Monday, July 12, 2021

The Work-In: Daily Motivation 7-12-2021

Monday, July 5, 2021
Today's Gift

If you keep on saying things are going to be bad, you have a good chance of being a prophet. —Isaac Bashevis Singer

Many of us have the habit of taking a negative outlook on whatever comes along. We don't believe things will work out for us; we don't think we will have a good day; we can't accept our friends' warm feelings. To follow this gloomy path is a strange distortion of faith - it is faith in the negative. Any forecast, whether hopeful or pessimistic, is a step into the unknown. So why do we choose the dark one?
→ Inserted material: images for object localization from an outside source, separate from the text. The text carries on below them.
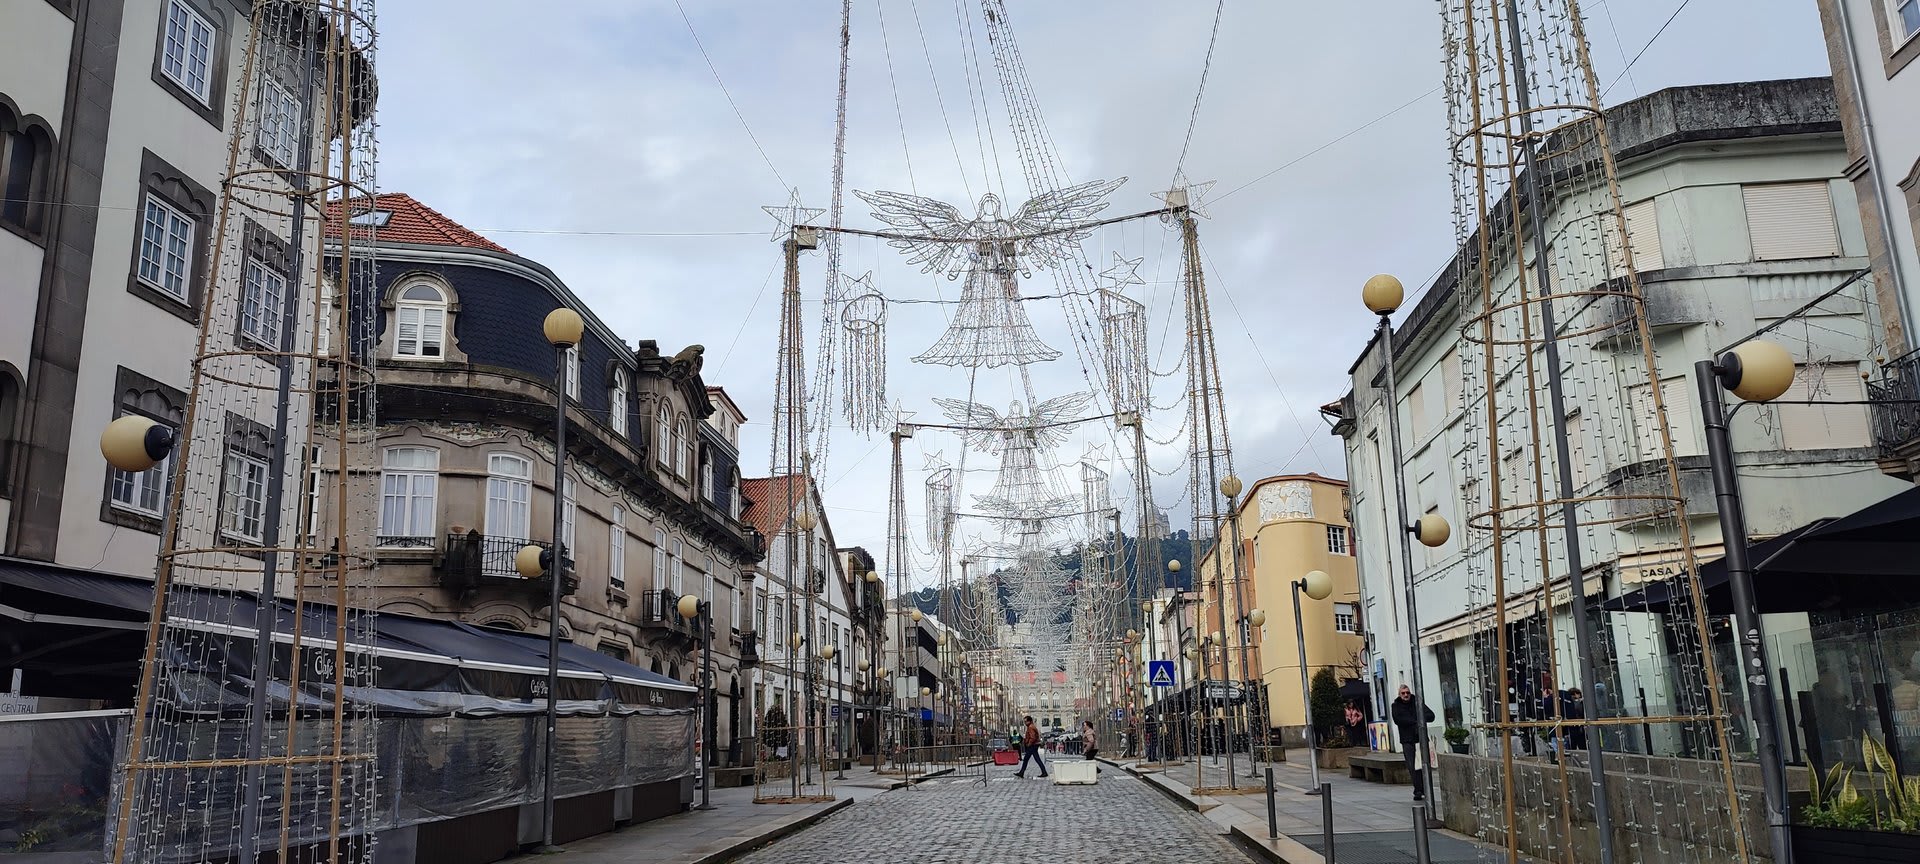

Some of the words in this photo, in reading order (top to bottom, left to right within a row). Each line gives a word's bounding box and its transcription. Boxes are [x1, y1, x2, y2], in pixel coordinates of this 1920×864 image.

[1641, 567, 1673, 578] CASA
[314, 655, 334, 679] Café
[1, 703, 35, 714] CENTRAL
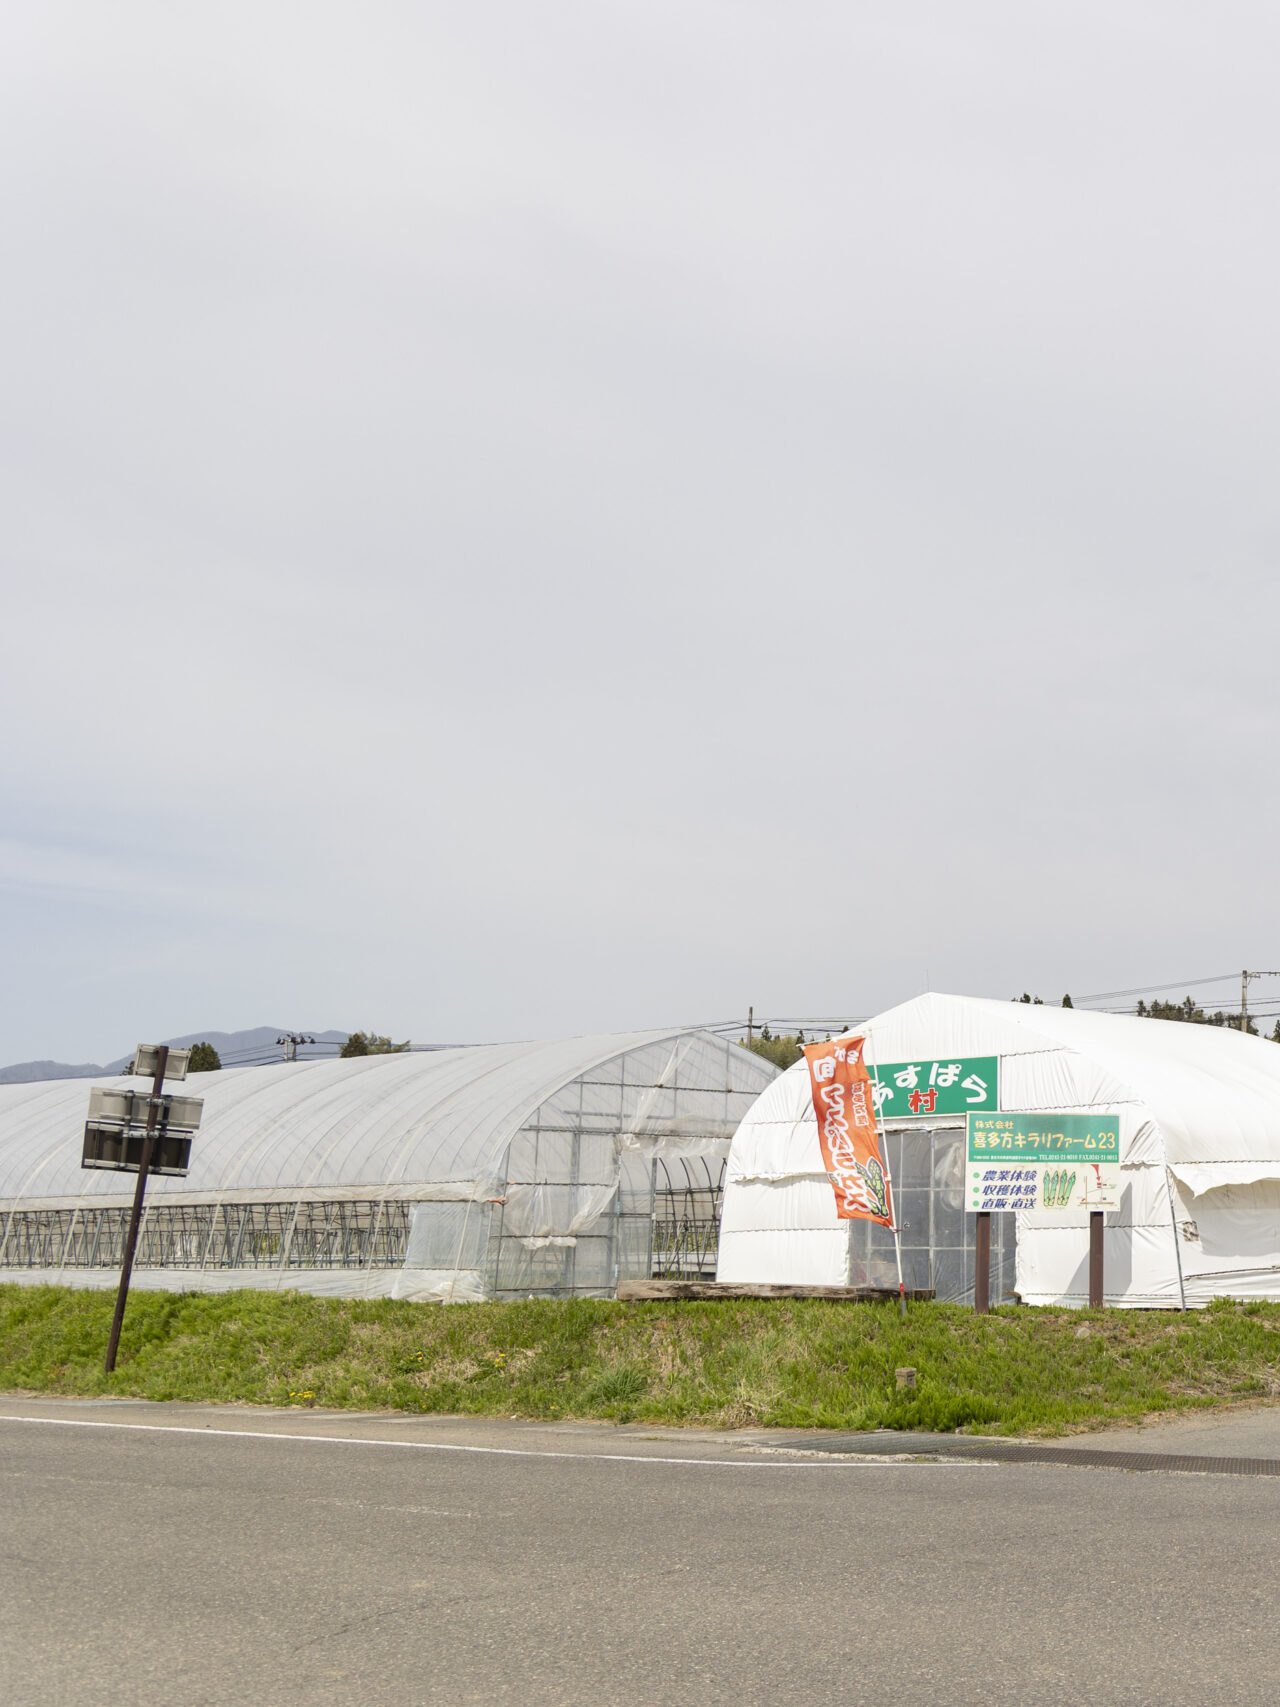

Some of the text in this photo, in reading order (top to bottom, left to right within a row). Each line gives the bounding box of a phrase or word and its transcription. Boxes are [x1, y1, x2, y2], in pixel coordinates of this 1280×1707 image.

[908, 1088, 938, 1113] 村
[975, 1120, 1014, 1130] 株式会社
[973, 1131, 1116, 1149] 喜多方キラリファーム23
[982, 1170, 1038, 1181] 農業体験
[982, 1184, 1038, 1196] 収穫体験
We get a payoff for our pessimism, which keeps us hooked. It creates misery, but serves our demand for control. There is more risk in being open to something positive because we cannot force positive things to occur. We can only be open to them and believe in the possibility. But when we predict the negative and expect only bad things, we squelch many good things or overlook them. Then we say, "I knew it would be this way," and in our misery we satisfy our self-centered craving to be in charge. When we surrender our need to be in control, we are more open and welcoming of the good things that come our way.

Today. I will be open to the good that is around me.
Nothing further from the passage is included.